-- Work to be completed --
All entries below must be written out verbatim, and the images must be dropped.

-- Material shown --
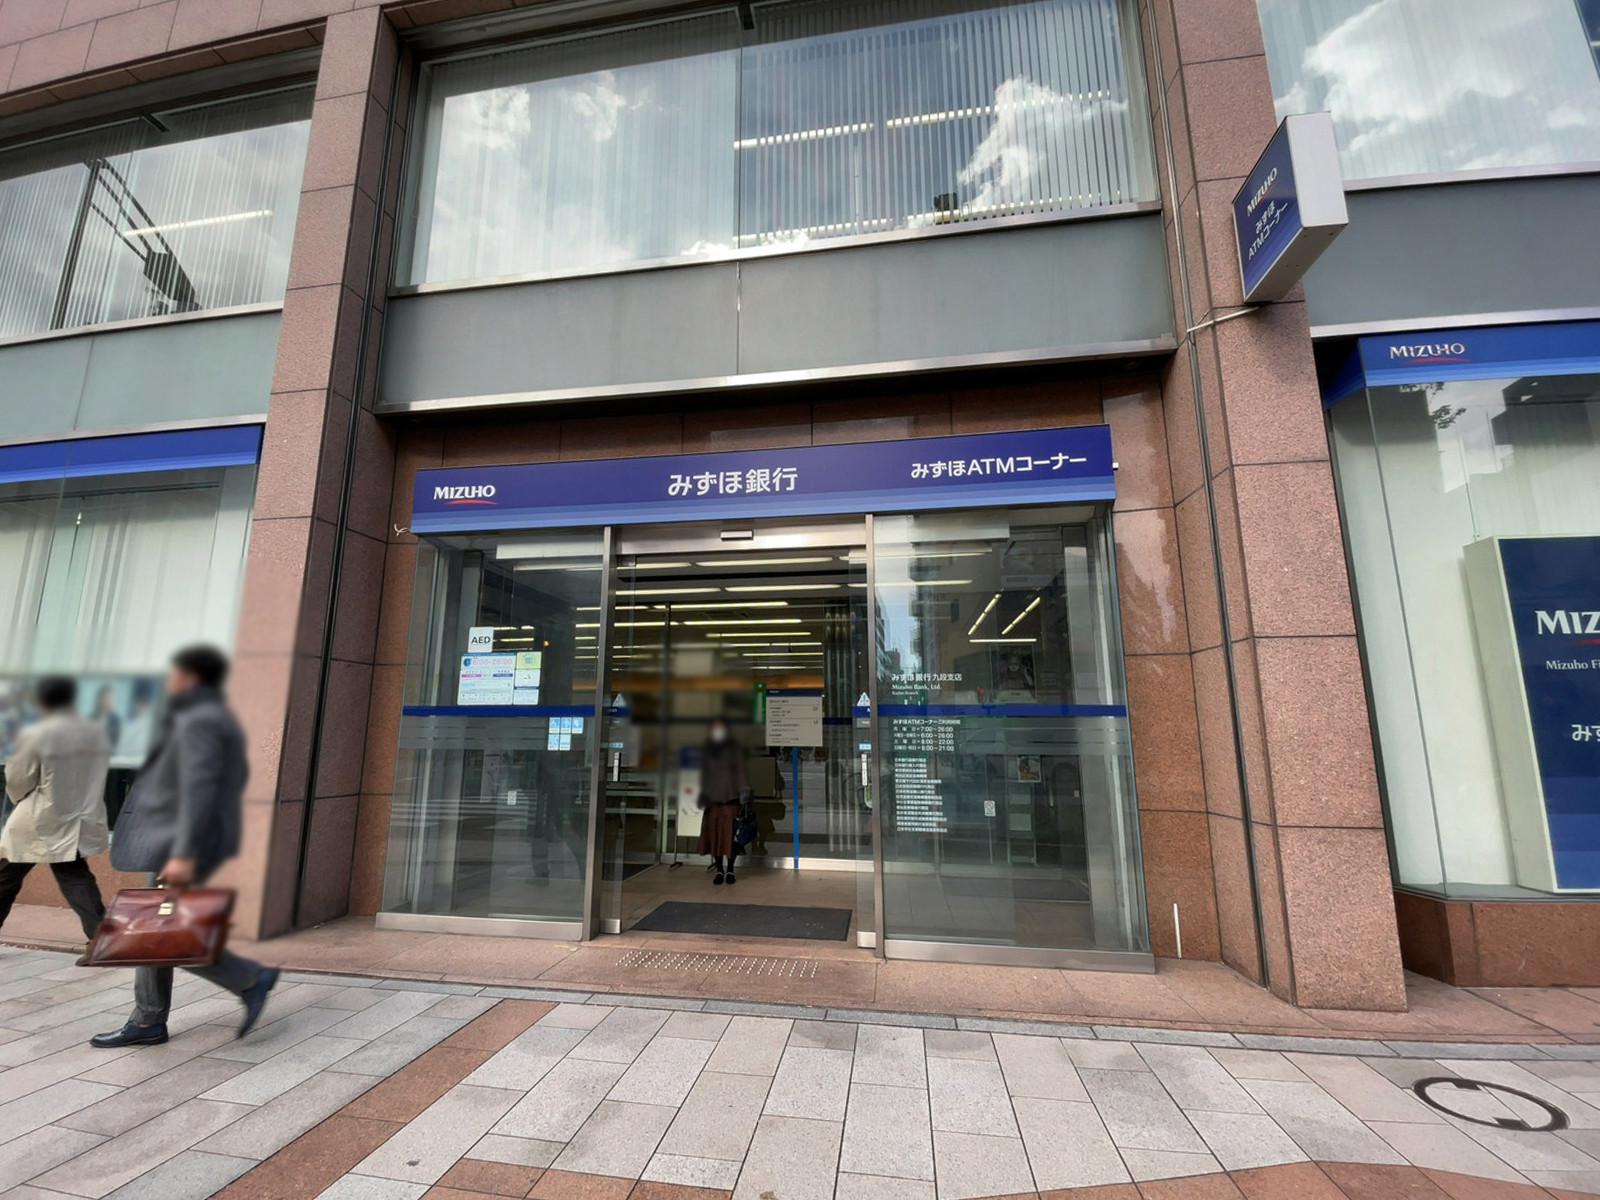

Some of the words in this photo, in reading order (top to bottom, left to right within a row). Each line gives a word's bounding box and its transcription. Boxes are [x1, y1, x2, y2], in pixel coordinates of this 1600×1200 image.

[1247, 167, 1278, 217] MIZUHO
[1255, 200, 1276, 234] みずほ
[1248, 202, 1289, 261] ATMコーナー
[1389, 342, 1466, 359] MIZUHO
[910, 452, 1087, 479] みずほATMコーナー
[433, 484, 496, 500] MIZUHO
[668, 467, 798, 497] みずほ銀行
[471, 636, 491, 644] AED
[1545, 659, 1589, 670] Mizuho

-- Completed exercise --
Some of the words in this photo, in reading order (top to bottom, left to right within a row). Each line gives a word's bounding box and its transcription. Boxes are [x1, y1, x2, y2], in pixel coordinates of this 1600×1200 image.

[1247, 167, 1278, 217] MIZUHO
[1255, 200, 1276, 234] みずほ
[1248, 202, 1289, 261] ATMコーナー
[1389, 342, 1466, 359] MIZUHO
[910, 452, 1087, 479] みずほATMコーナー
[433, 484, 496, 500] MIZUHO
[668, 467, 798, 497] みずほ銀行
[471, 636, 491, 644] AED
[1545, 659, 1589, 670] Mizuho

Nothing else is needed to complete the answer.